Real Estate
Comment: What Happens If The Riots Reach Mayfair?

The riots add to the UK’s myriad problems including a 20 per cent dive in the FTSE 100 in the last month, tumbling manufacturing figures and a yawning trade gap of nearly £9 billion.
Editor's note: Wealthy Asian buyers have been among those boosting the prime central London residential property market, as has been noted in recent reports, with buyers from countries such as China. The recent violent disorder in London, some of it a short distance away from the capital's most sought-after residential areas, has achieved global media coverage.
The UK riots could not have come at a worse time.
Adding to the country’s myriad problems including
a 20 per cent dive in the FTSE 100 in the last month, tumbling
manufacturing
figures and a yawning trade gap of nearly £9 billion, the riots
igniting London and other UK regions spell yet more bad
news.
One of the few chinks of light in the UK
economy is the ostensibly impervious property market in London’s
best postcodes.
Values of real estate in neighborhoods like Mayfair and
Knightsbridge rocketed
nearly 10 per cent over the last 12 months, a third over 2009’s
peak. A wave of
rich international buyers, spooked by global socio-political
turmoil and the US
and Eurozone debt crisis, want to buy London property as a wealth
haven,
according to agent Knight Frank.
The love affair with London real estate stems
from its reputation as a safe and stable financial and political
haven, say
agents. But in light of the last three days – ugly scenes of
widespread
violence and vandalism, 16,000 police swarming the streets,
nearly 600 arrests,
dozens of injuries and one fatality – is this still a fair
assertion?
True –the riots so far have been localized in
less affluent areas, far from the gentrified squares of Mayfair
and Chelsea.
The focal points were initially Tottenham, where alleged
criminal Mark
Duggan’s death first sparked the riots, followed by Ealing,
Croydon and
Peckham. Riots here, say agents, will not impact London’s
high-end property
market.
“A load of yobs looting a Curry’s in Peckham
(a budget department store) for trainers and TVs is not going to
dissuade a
wealthy Oligarch from buying a property,” said Kensington-based
estate agent
Charles McDowell.
But since the outset of the turmoil on
Saturday night, further riots have spread like wildfire, whipped
up through
social media platforms. Wealthier areas like Clapham, Lavender
Hill, Balham,
Tooting and even the trendy celebrity hotbed of Camden and Chalk
Farm where
Kate Moss, Sienna Miller and Chris Evans have homes, have been
victim to
large-scale lootings. Last night The King’s Road in Chelsea,
Notting Hill and
the iconic Sloane Square were all targeted of terrifying
indiscriminate
violence. Shops, police stations, cars and even private homes,
all came under
attack.
It could only be a matter of time until
Mayfair is targeted by the angry mob. And when that happens, it
will be “game
over” for London’s reputation as a safe and stable jurisdiction
for the rich,
says Gary Hersham, founder of estate agent Beauchamps Estates.

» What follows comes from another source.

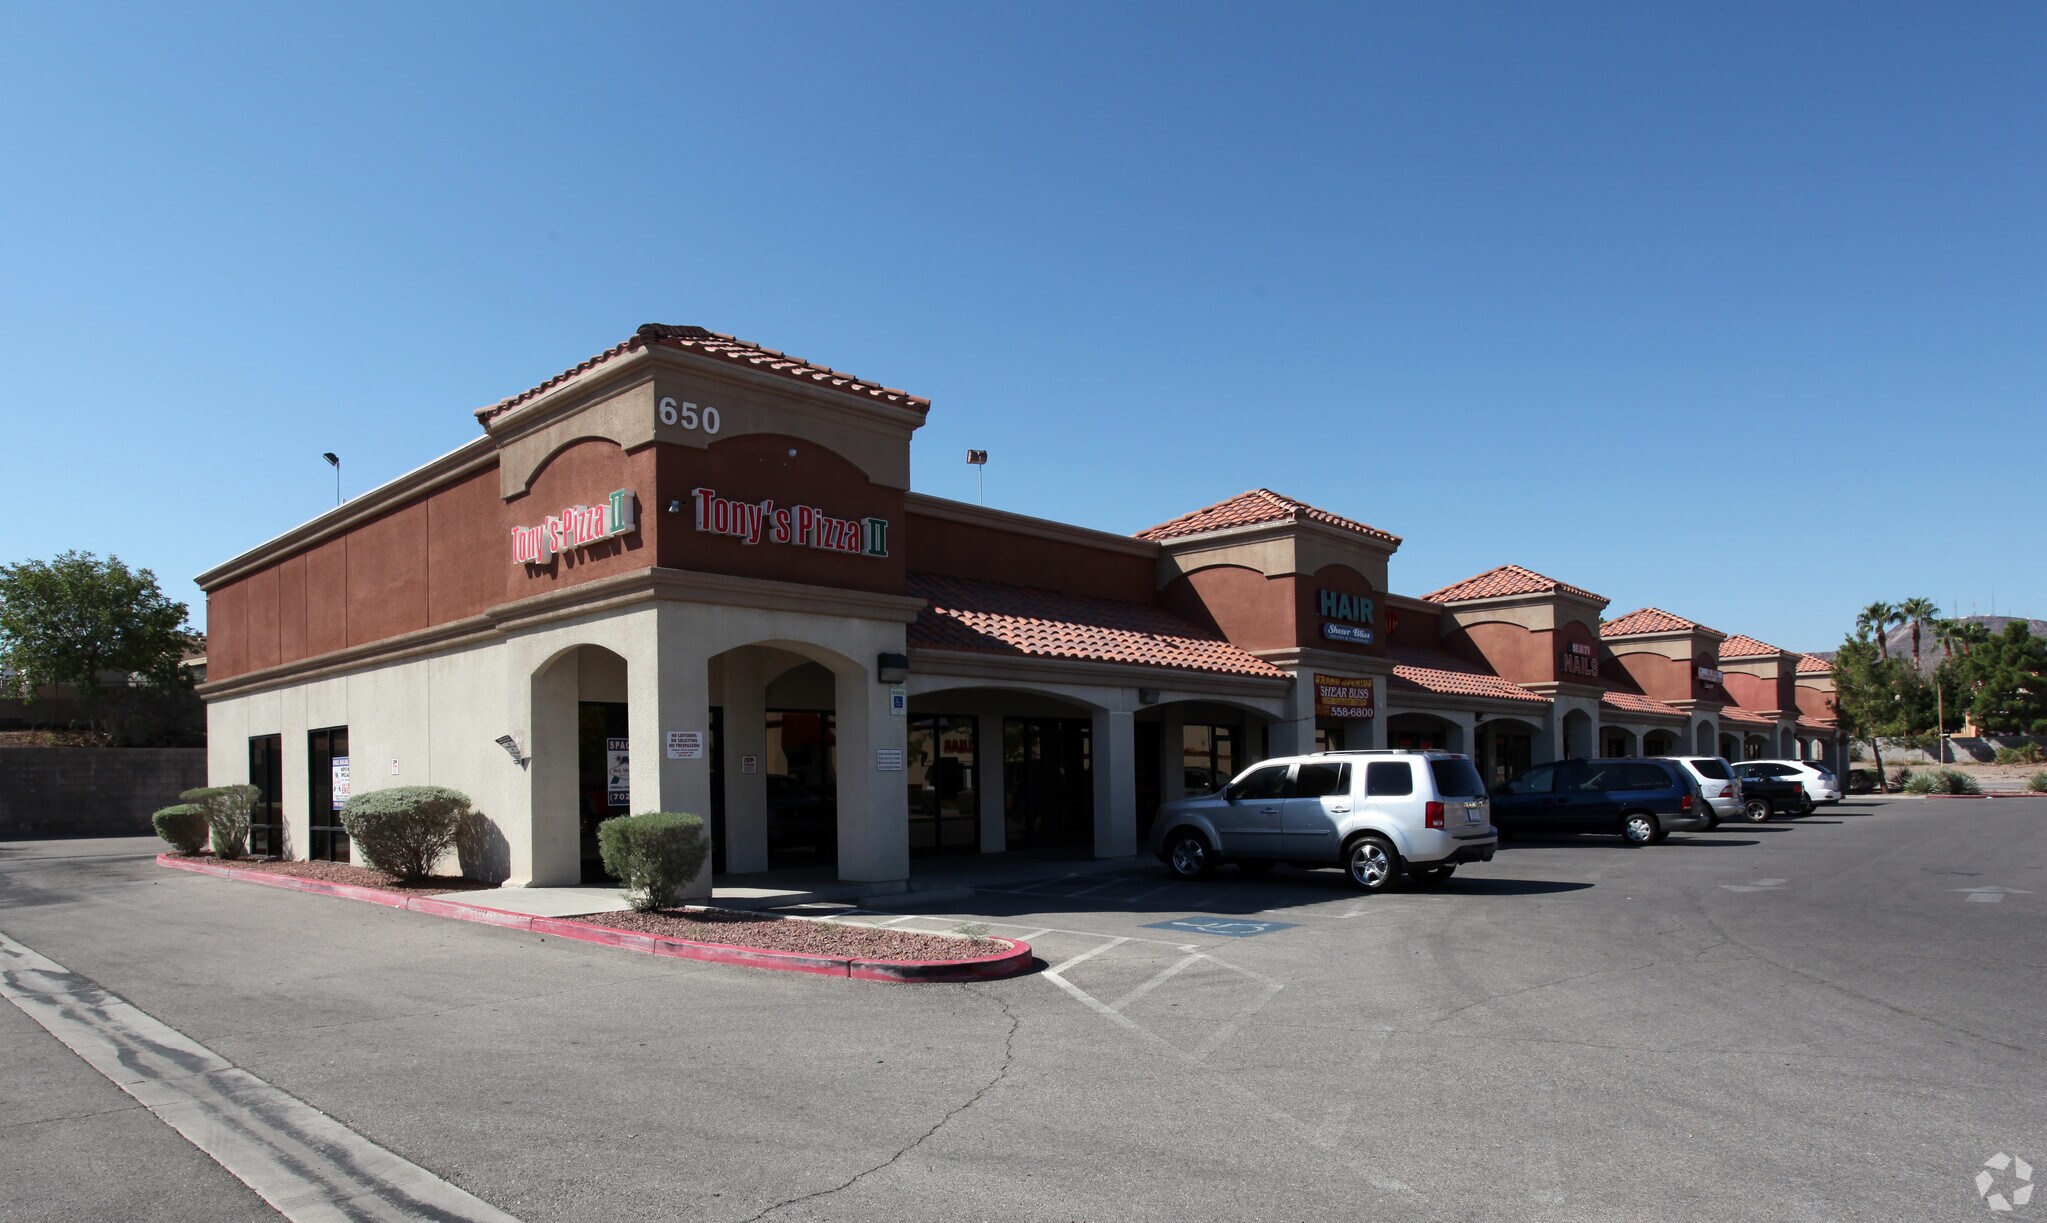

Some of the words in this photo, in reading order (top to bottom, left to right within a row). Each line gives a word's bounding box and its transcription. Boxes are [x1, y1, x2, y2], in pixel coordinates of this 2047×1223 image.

“If the violence migrates to the West End it
would greatly affect the influx of wealthy foreigners into London
on a
long-term basis,” he said. “By and large London is considered a
safe haven. It
is amazing how quickly a good reputation is lost. And for the
super-rich,
security is the number one priority,”
McDowell believes that at the moment the
riots are more about securing “free trainers and TVs” than
sending any
political message. But things could change. He said: “Currently
the riots are
pretty mindless. But it would be bad news if it spreads West. It
could escalate
to become something like the attacks on Fortnum & Masons (a
high-end
department store) earlier this year by anti-cuts protesters. In
which case, shops
in Mayfair or Harrods in Knightsbridge would be obvious targets.”

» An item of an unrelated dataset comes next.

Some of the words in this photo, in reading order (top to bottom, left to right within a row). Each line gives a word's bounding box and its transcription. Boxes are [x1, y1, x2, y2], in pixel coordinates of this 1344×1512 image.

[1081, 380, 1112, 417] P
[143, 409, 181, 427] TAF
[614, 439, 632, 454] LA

In a telling sign of the severity of the
problem, today Parliament was recalled for crisis talks on how to
control the
situation. Boris Johnson, Mayor of London, told international
media: “This is a
fundamentally safe city.”
London’s reputation as a long-term financial
center is already hanging in the balance. The £30,000 tax on
non-domiciled
individuals, the 50p tax rate on higher earners and uncertainty
over future
regulation has pushed a number of valuable entrepreneurs and
businesses to
emigrate to more appealing tax jurisdictions like Switzerland,
Ireland and
Singapore. Many of the City’s largest employers including banks
JP Morgan, HSBC
and Barclays, have mooted leaving for more favourable regions.

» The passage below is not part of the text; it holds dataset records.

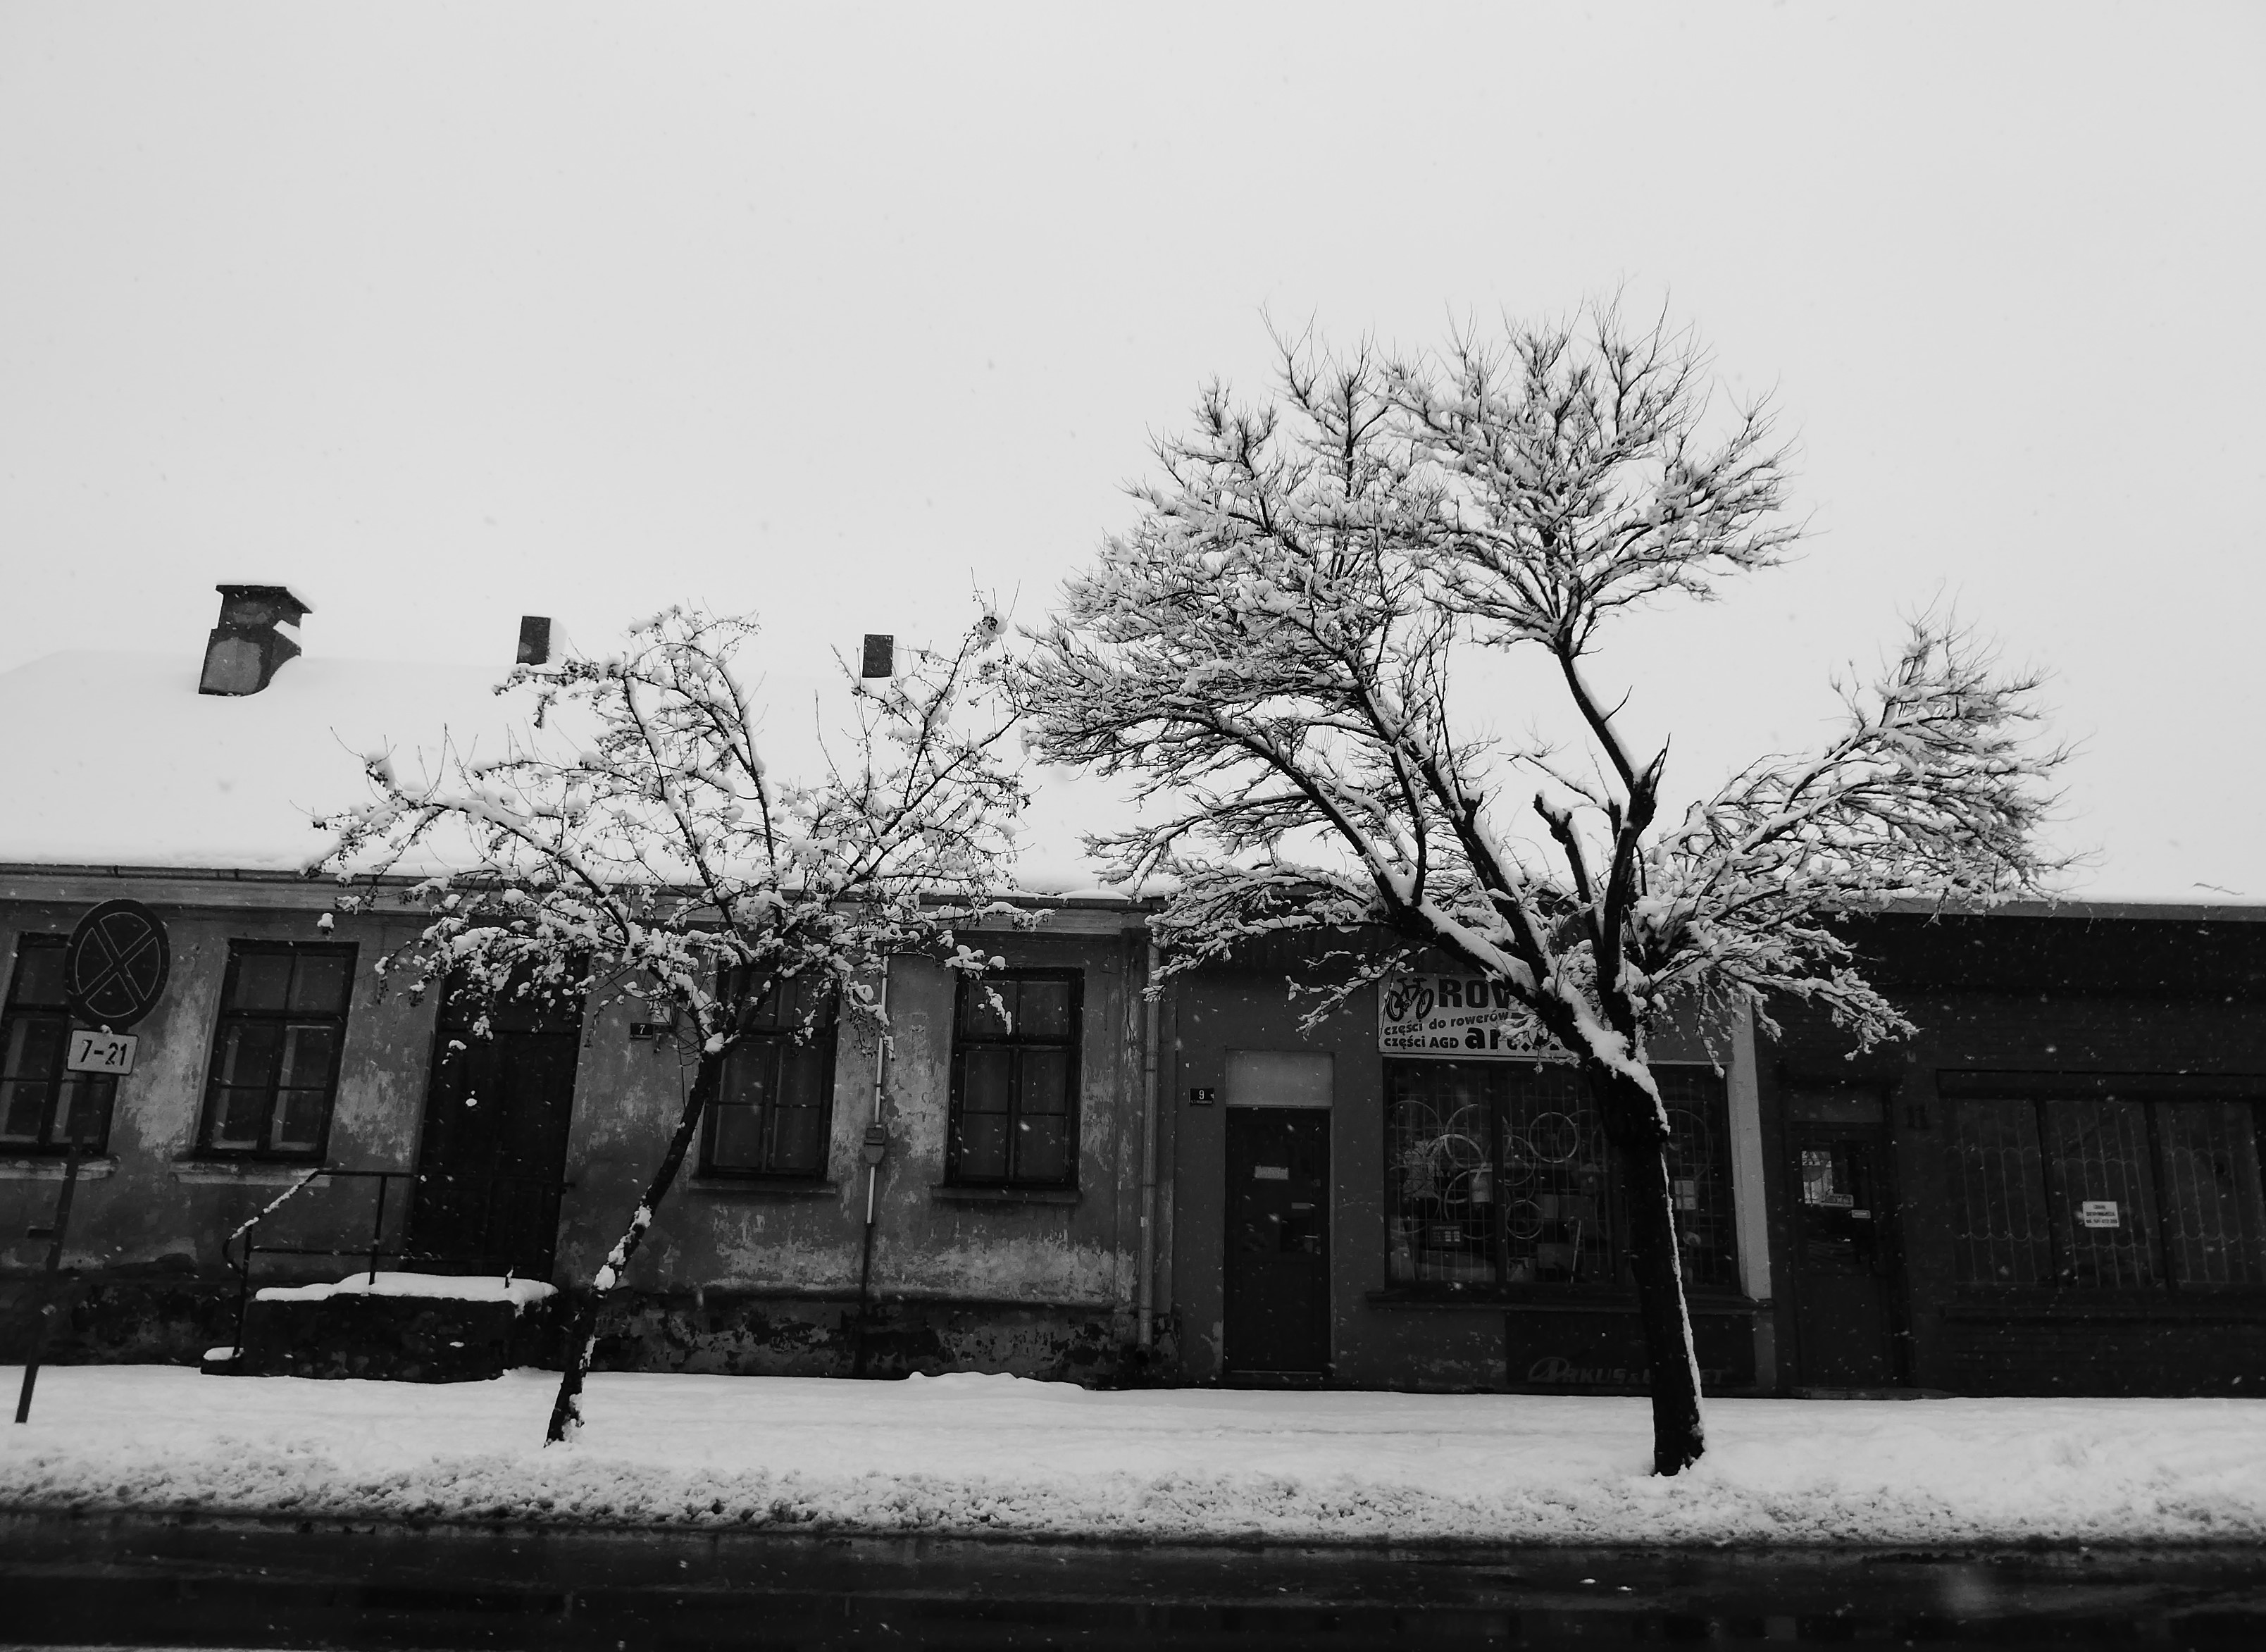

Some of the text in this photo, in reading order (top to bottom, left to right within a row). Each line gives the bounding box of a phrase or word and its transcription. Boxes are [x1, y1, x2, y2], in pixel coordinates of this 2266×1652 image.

[640, 1024, 646, 1034] 7
[1384, 1010, 1509, 1036] części do rowerów
[1384, 1036, 1426, 1049] części
[1429, 1037, 1459, 1048] AGD
[80, 1039, 127, 1066] 7-21
[1199, 1090, 1204, 1100] 9

The City does not need another black mark
against its name.
The events may be characterized by mindless
so-called “rioting-meets-shopping”, but the last three days have
exposed
serious undertones. According to a report on the BBC, two
17-year-olds told
police that they were rioting because they were "showing police
and rich
people they could do whatever they wanted".
Not the message that London wants to send.